Sherman, Browner will appeal potential suspensions by NFL for using stimulant Adderall; Carroll OK with secondary depth; Bears see five starters leave Sunday with injuries.
Reeling from an awkward 24-21 defeat Sunday in Miami he blamed on errors in “fundamental, basic things,” coach Pete Carroll said Monday morning NFL rules precluded him from discussing potential suspensions of star cornerbacks Richard Sherman and Brandon Browner for violations of the league’s policy on performance enhancing drugs, specifically the non-prescription use of the stimulant Adderall.
Carroll did talk about the secondary’s depth, mentioning reserves Marcus Trufant, Bryon Maxwell, Walter Thurmond and Jeremy Lane, indicating he’s preparing to go without the two starters, who are reported to be appealing this week their potential four-game suspensions.
“We’re fortunate,” Carroll said on his regular Monday show on ESPN 710 radio. “We have good depth.”
Steve Wyche of NFL Network reported Monday that Sherman has confirmed that he and Browner have been notified of the suspensions, and that Sherman says he has never taken Adderall. The test reportedly was taken in September, and the positive results have been known to the NFL since October.
Both players said they are appealing the suspensions. The timeline is unclear. While some reports say the appeals could happen this week, others say that Sherman and Browner will be able to play in Chicago Sunday against the Bears. Even if they do play Sunday, a denial of the appeals next week would keep them out of the regular season’s remaining four games, but would be eligible to return for a playoff game.
Atlanta center Joe Hawley, Tampa Bay cornerback Aqib Talib, and the Giants’ Will Hill and Tyler Sash have been suspended for Adderall use this season. Another player, Giants running back Andre Brown, was successful in the off-season in his appeal involving Adderall.
Adderall is a stimulant often used to treat children with attention deficit hyperactiveity disorder (ADHD), although its use has grown rapidly among adults, older students and athletes seeking more energy and focus. The NFL permits use only under a doctor’s prescription. It is not a steroid.
The NFL, by agreement with the players union, tests for PEDs up to six times in the offseason and once during training camp. During the season, up to 10 players each week on each team are randomly selected for testing.
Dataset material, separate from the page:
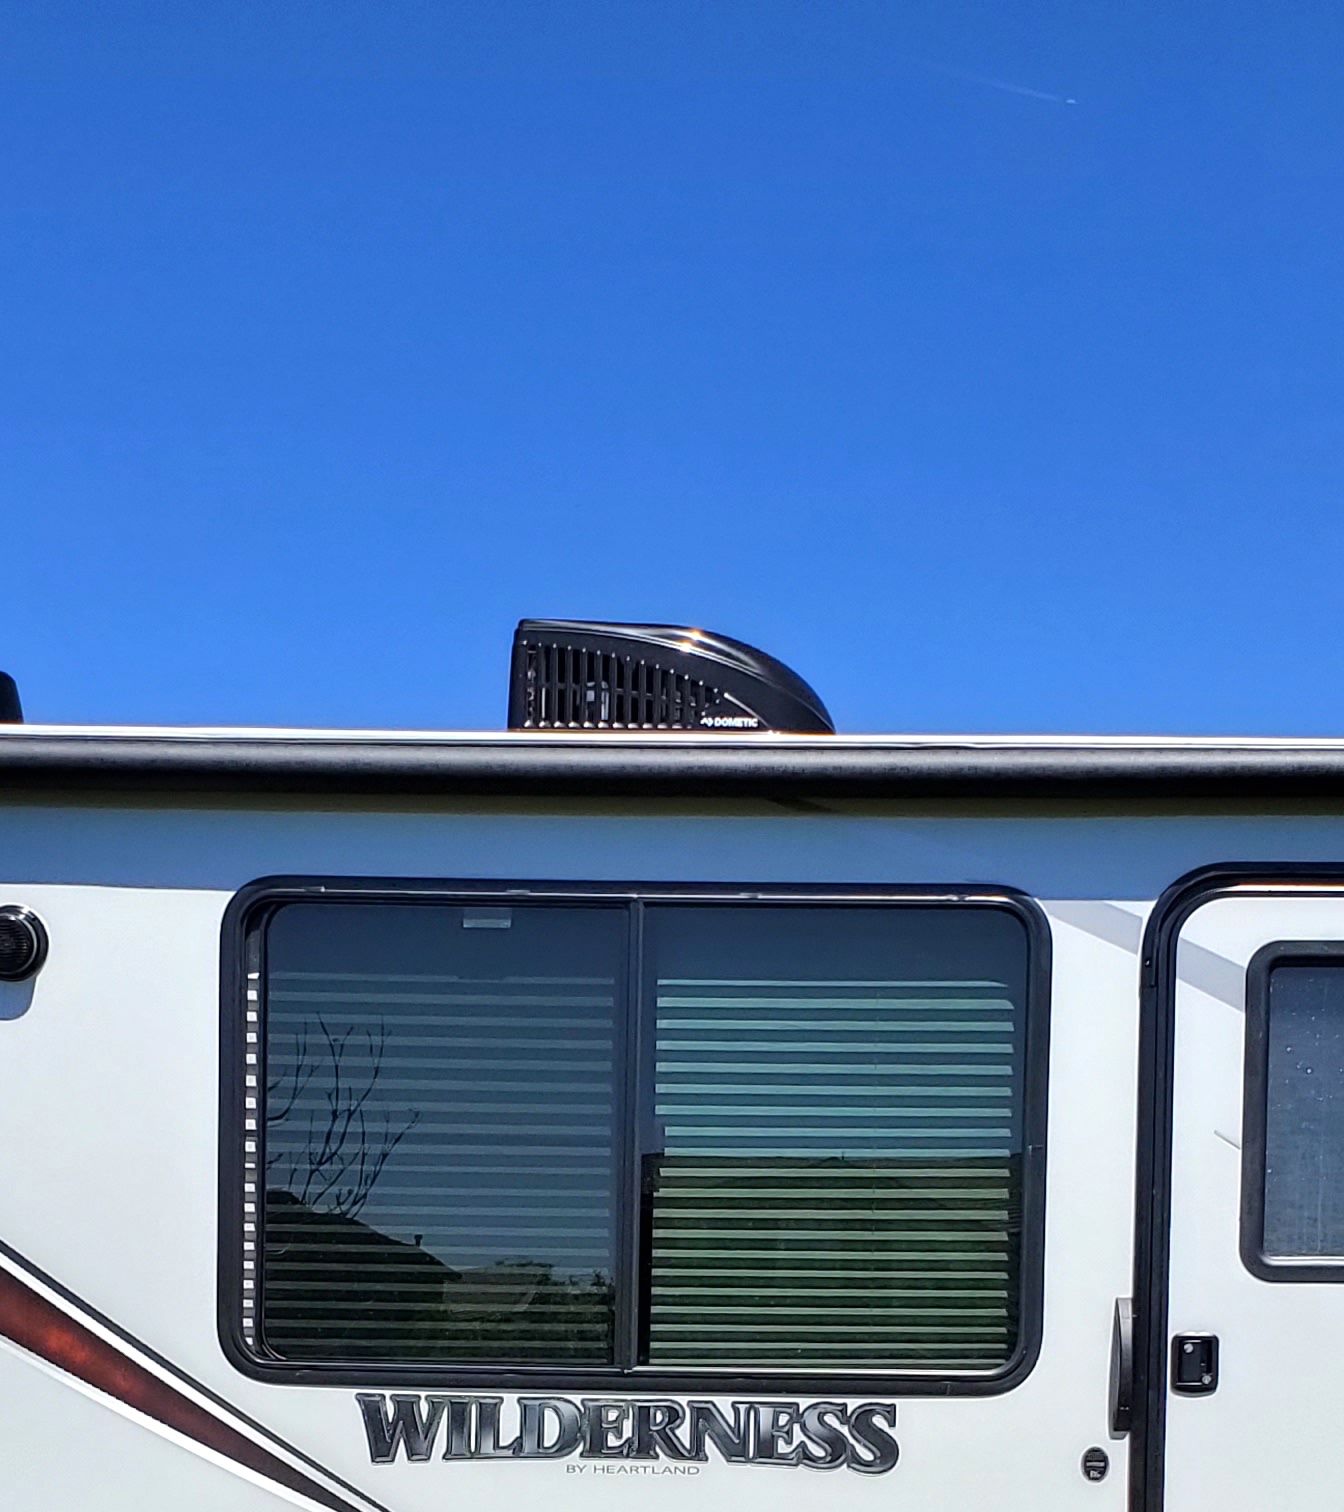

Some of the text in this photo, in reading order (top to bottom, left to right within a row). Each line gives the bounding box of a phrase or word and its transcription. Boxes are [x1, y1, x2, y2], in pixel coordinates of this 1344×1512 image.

The Seahawks had three earlier PED suspensions: guard John Moffitt, for what his agent said was non-prescription use of Adderall, guard Allen Barbre, who was released after his suspension was up, and rookie safety Winston Guy, who played in two games and was suspended last week for four games.
Browner made the Pro Bowl last year and Sherman was recently described by si.com as the best cover corner in the league. Their absences would be significant.
Despite Carroll’s optimism, the Seahawks’ depth is debatable. Trufant, who at 32 Christmas Day is the Seahawks oldest player, is primarily a nickel back (two starts) who has slowed. Third-year pro Thurmond’s promising career has been compromised by injury and has yet to play this season. Maxwell, a sixth-round pick in 2011, has played only four games this year because of injuries, mostly on special teams. Lane, a rookie sixth-rounder, has played in eight games, mostly on special teams.
Carroll said safety Earl Thomas would not be moved from his position to corner.
Meanwhile, in Chicago, the Bears had five starters who left their 28-10 win over Minnesota Sunday and did not return: WR Devin Hester (concussion), RB Matt Forte (ankle), guard Lance Louis (knee; lost for season), CB Charles Tillman (ankle) and guard and ex-Seahawk Chris Spencer (knee).